Phenotypic Variation

An important feature of a population panel is that it is expected to exhibit appreciable phenotypic variation across individual lines. To characterize one set of phenotypes we took advantage of the Southern inbred lines already in existence since these are likely to be representative of lines generated from the Kiyosu population, allowing us to easily characterize broad sense heritability of phenotypes. We used light microscope-based imaging combined with an automatic annotation algorithm to derive a number of morphometric features across four Southern (HdrR, Icab, HNCMH2, HO5), two Northern strains (Kaga, HNI) and the Kiyosu population (Figure 6A and Supplementary Figures 2 and 3) from both lateral and dorsal viewpoints. The morphometric analysis of the six inbred lines shows reassuringly that the body length measurement was almost perfectly correlated between the two viewpoints. As expected in a fish the majority of the variance between individuals correlates with body length, and so we normalized the remaining morphometric phenotypes by body length. Of the 7 phenotypes analyzed, 4 show greater than 30% broad sense heritability i.e. the differences between strains explained 30% or more of the variance (Figure 6B). An example is shown in Figure 6C where a fish from the HdrR strain has substantially smaller eyes relative to body length than the Icab strain (compare box plot in Figure 6D).
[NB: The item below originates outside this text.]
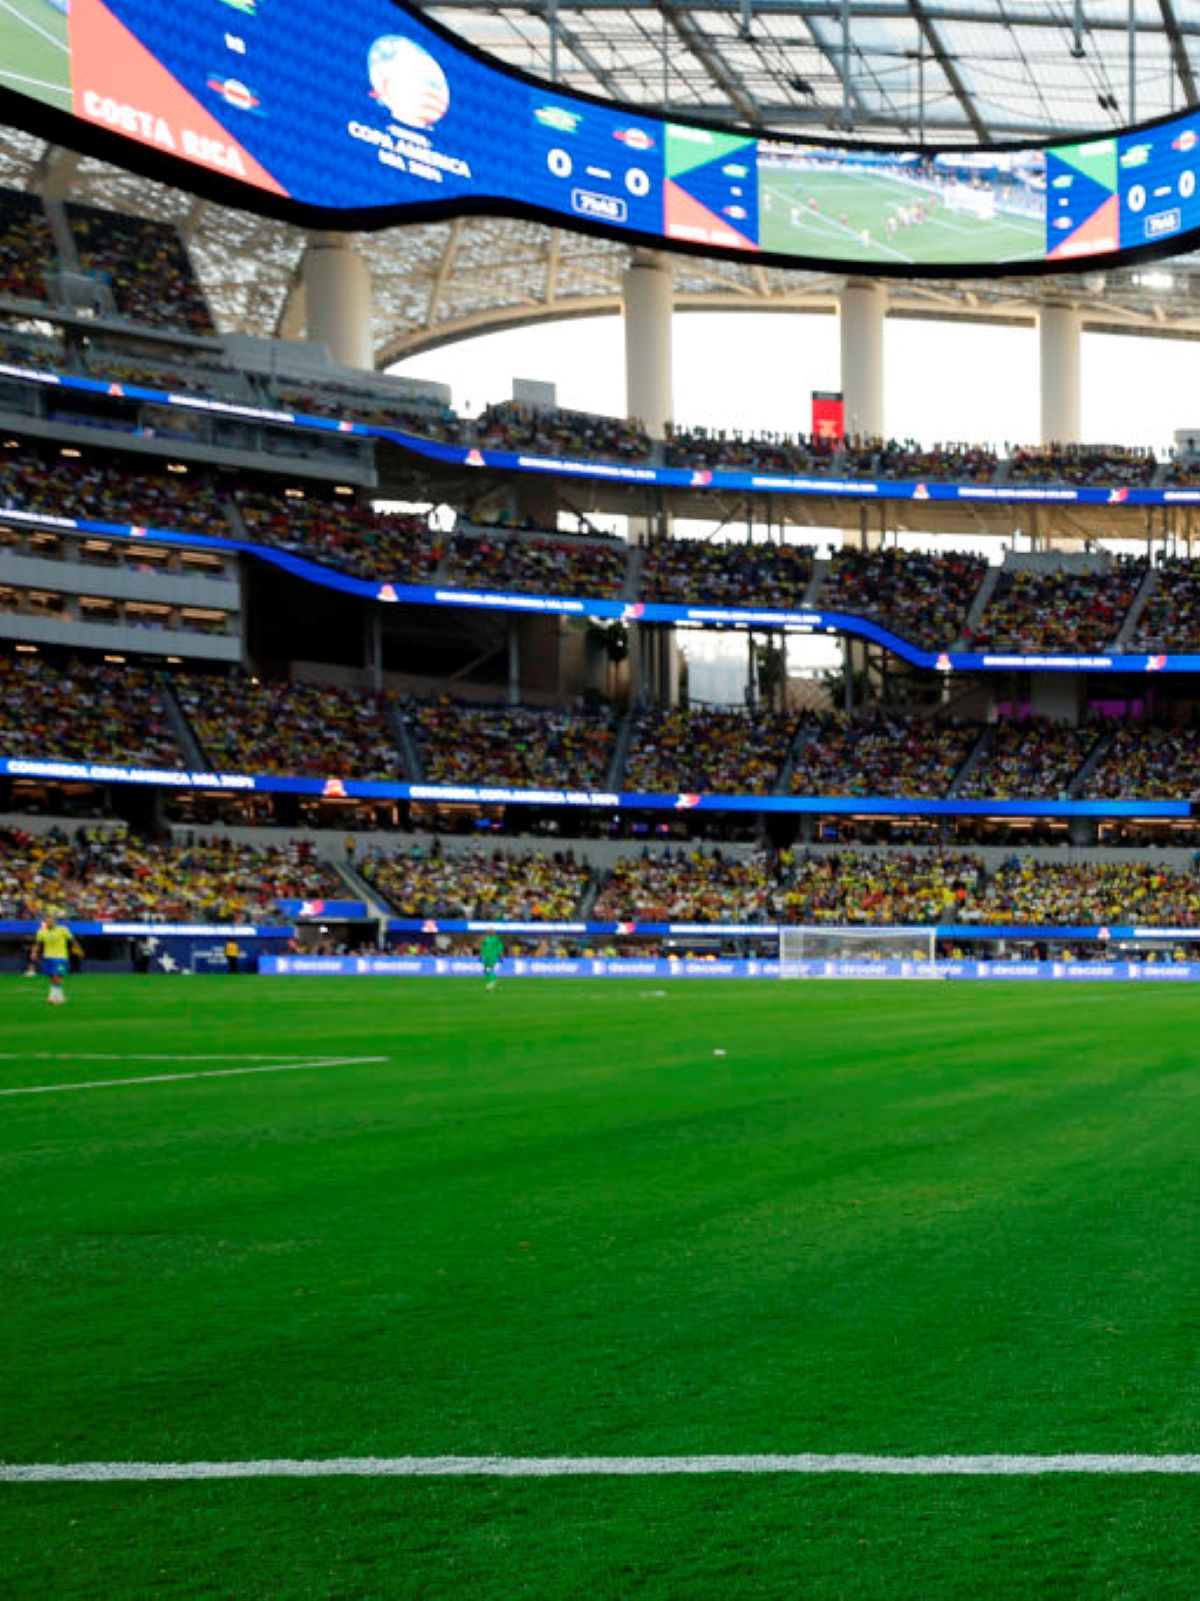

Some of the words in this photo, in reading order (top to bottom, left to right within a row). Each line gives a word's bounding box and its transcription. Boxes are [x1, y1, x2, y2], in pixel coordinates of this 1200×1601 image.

The broad sense heritability estimate is similar to analogous morphometric measurements between inbred mouse strains, suggesting that medaka populations have similar levels of phenotypic variation as observed between laboratory mouse strains. Many other established phenotypes that differ between medaka strains have been observed during the prior century of research on this fish (Hyodo-Taguchi 1990; Ishikawa et al. 1999; Kimura et al. 2007) and further work will be needed to examine the suitability of this population for each phenotype. Given the high diversity of alleles in the Southern population we can expect many phenotypes to have least some genetic variance in this population.